Work item = Return the material below exactly, but only from the line with "this 1600×669 image." through the line with "this 1280×1706 image.", and without its pictures.

Record set =
··········
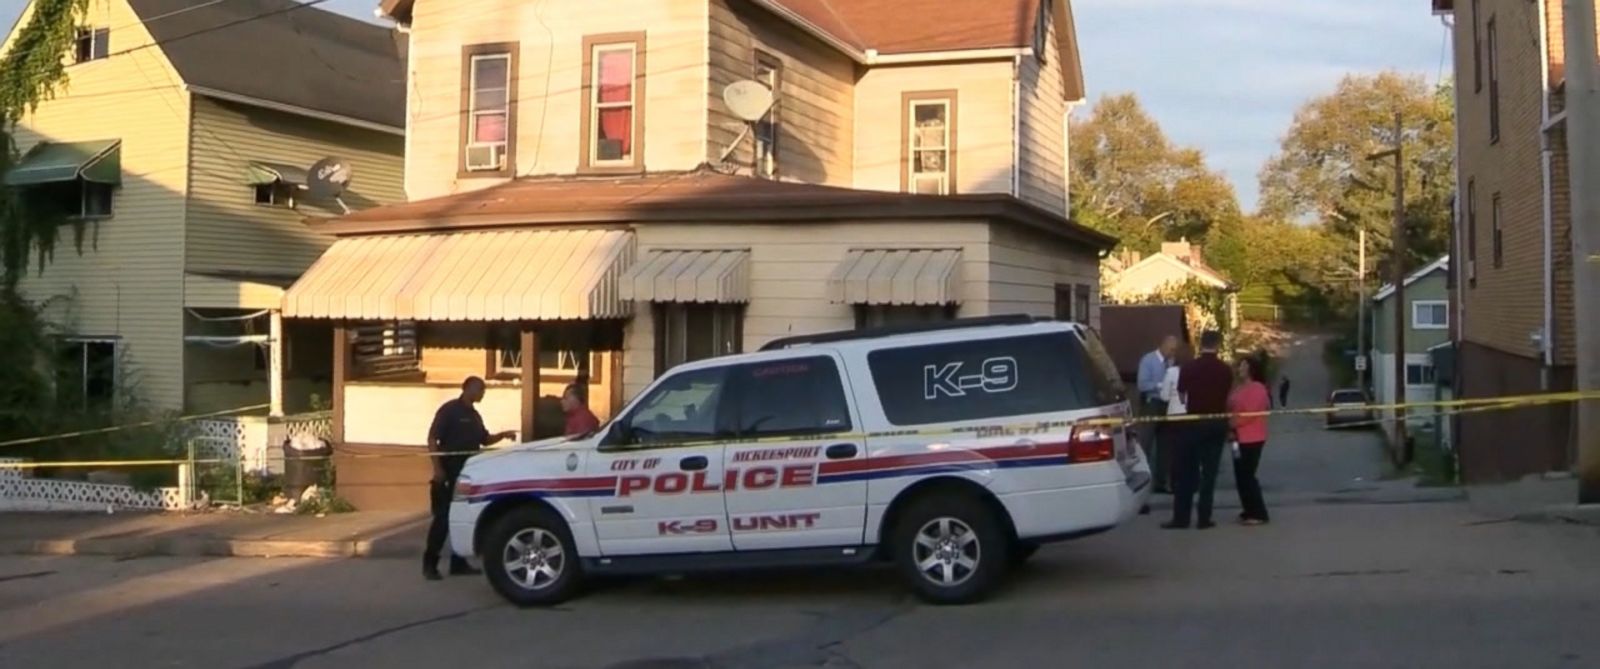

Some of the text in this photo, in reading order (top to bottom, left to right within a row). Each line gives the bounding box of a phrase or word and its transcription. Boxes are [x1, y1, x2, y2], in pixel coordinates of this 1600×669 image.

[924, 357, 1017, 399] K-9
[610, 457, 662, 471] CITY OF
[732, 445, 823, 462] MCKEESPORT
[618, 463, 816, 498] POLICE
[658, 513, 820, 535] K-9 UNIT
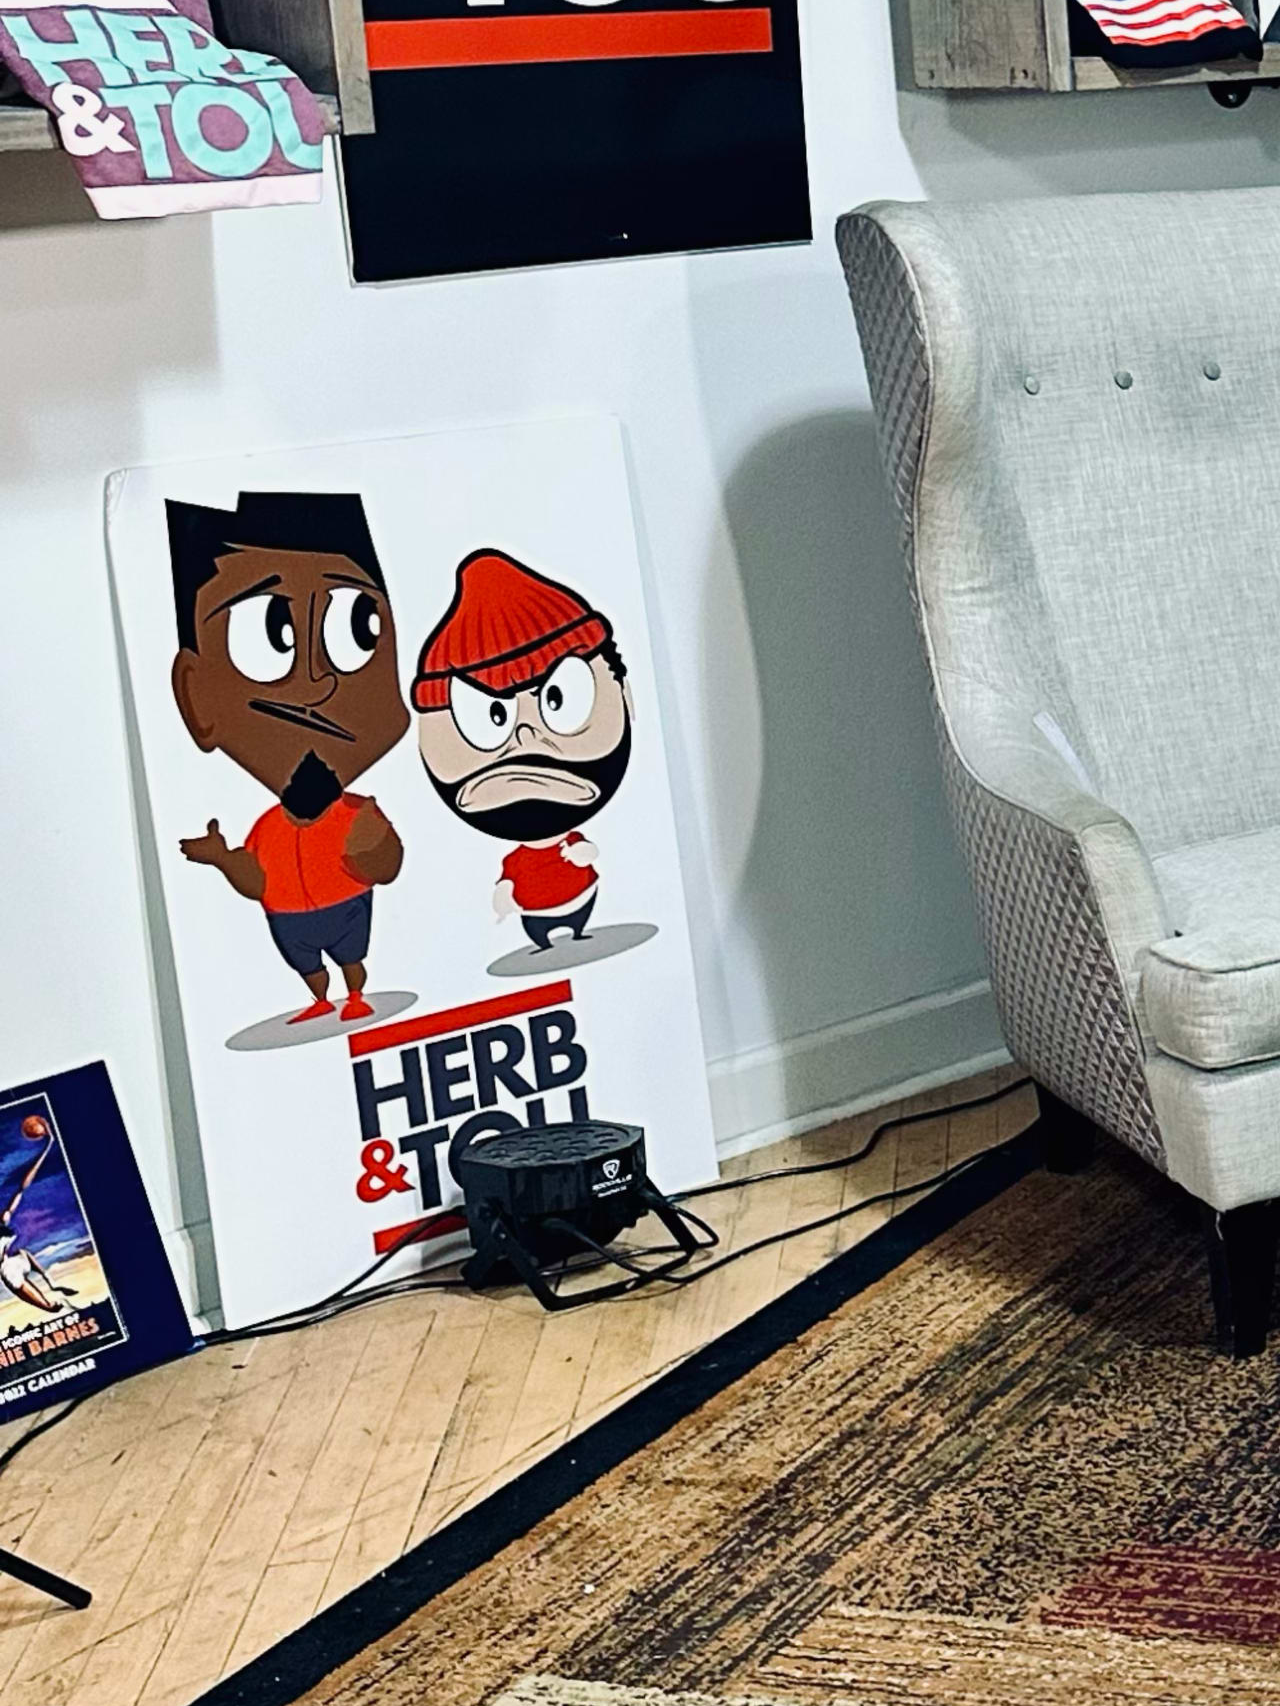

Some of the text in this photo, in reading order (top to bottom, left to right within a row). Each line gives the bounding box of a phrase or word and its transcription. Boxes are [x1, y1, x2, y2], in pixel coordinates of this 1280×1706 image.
··········
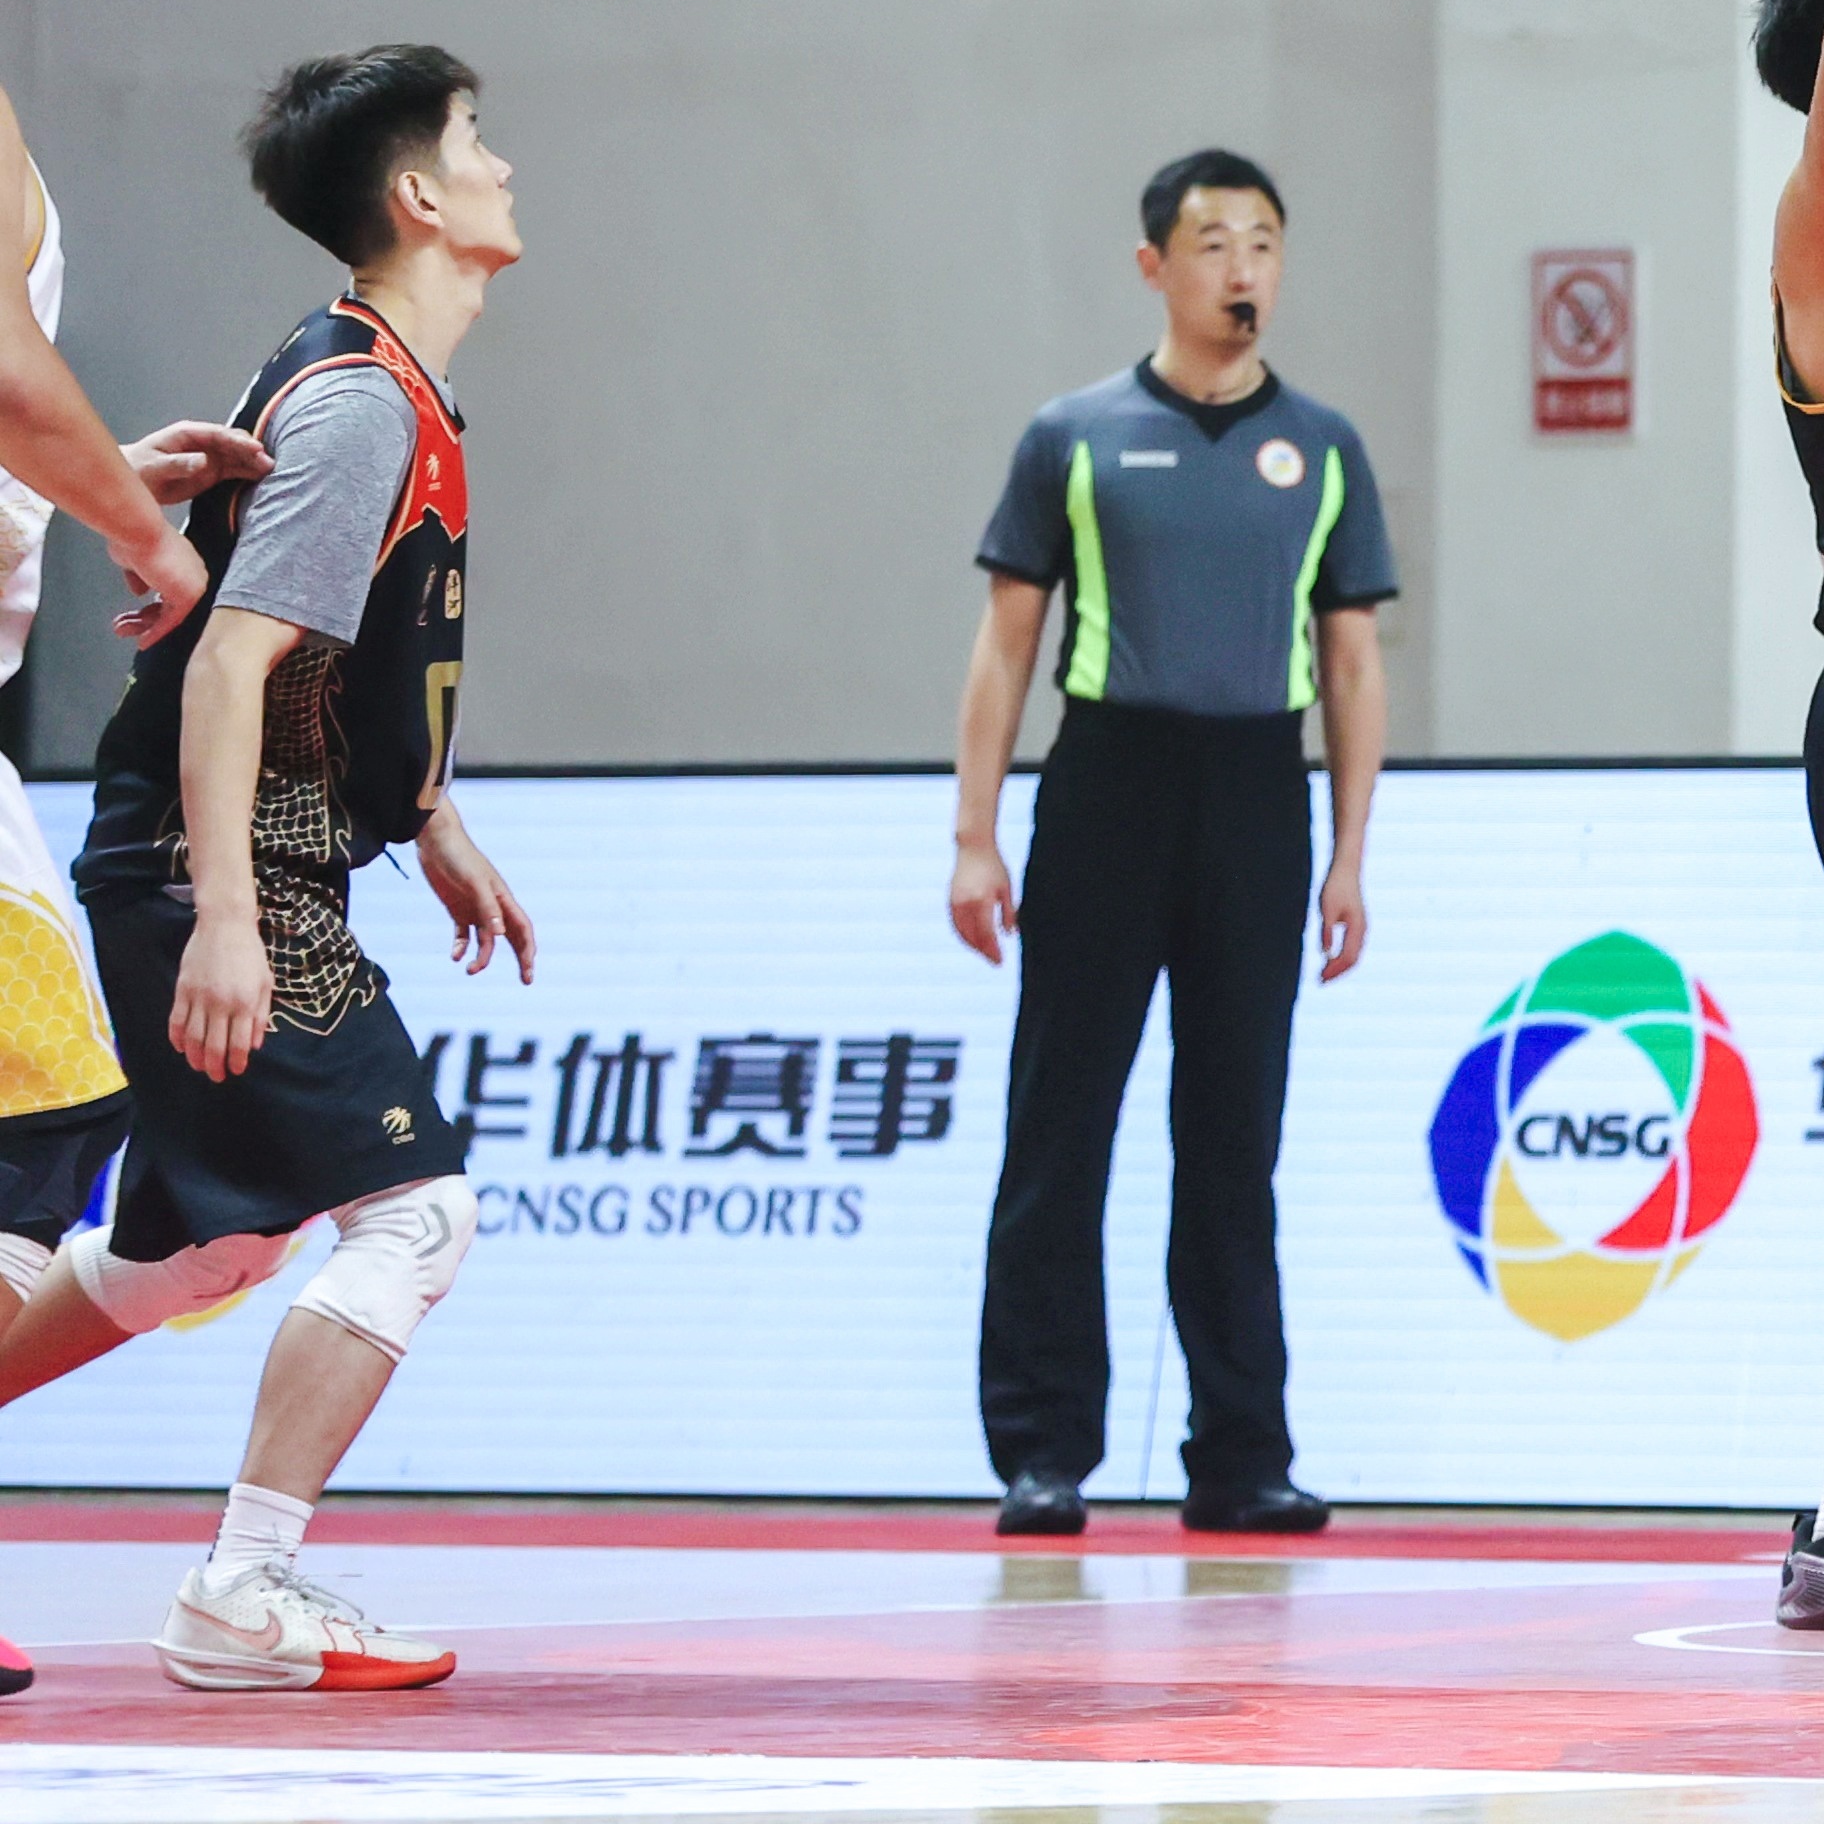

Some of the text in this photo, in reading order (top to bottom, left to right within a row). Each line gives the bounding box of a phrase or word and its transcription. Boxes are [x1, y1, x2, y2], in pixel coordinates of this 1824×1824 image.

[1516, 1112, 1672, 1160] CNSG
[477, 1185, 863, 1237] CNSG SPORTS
··········
Exercise output =
Some of the text in this photo, in reading order (top to bottom, left to right within a row). Each line gives the bounding box of a phrase or word and its transcription. Boxes are [x1, y1, x2, y2], in pixel coordinates of this 1600×669 image.

[924, 357, 1017, 399] K-9
[610, 457, 662, 471] CITY OF
[732, 445, 823, 462] MCKEESPORT
[618, 463, 816, 498] POLICE
[658, 513, 820, 535] K-9 UNIT

Some of the text in this photo, in reading order (top to bottom, left to right within a row). Each line gives the bounding box of a phrase or word and its transcription. Boxes are [x1, y1, x2, y2], in pixel coordinates of this 1280×1706 image.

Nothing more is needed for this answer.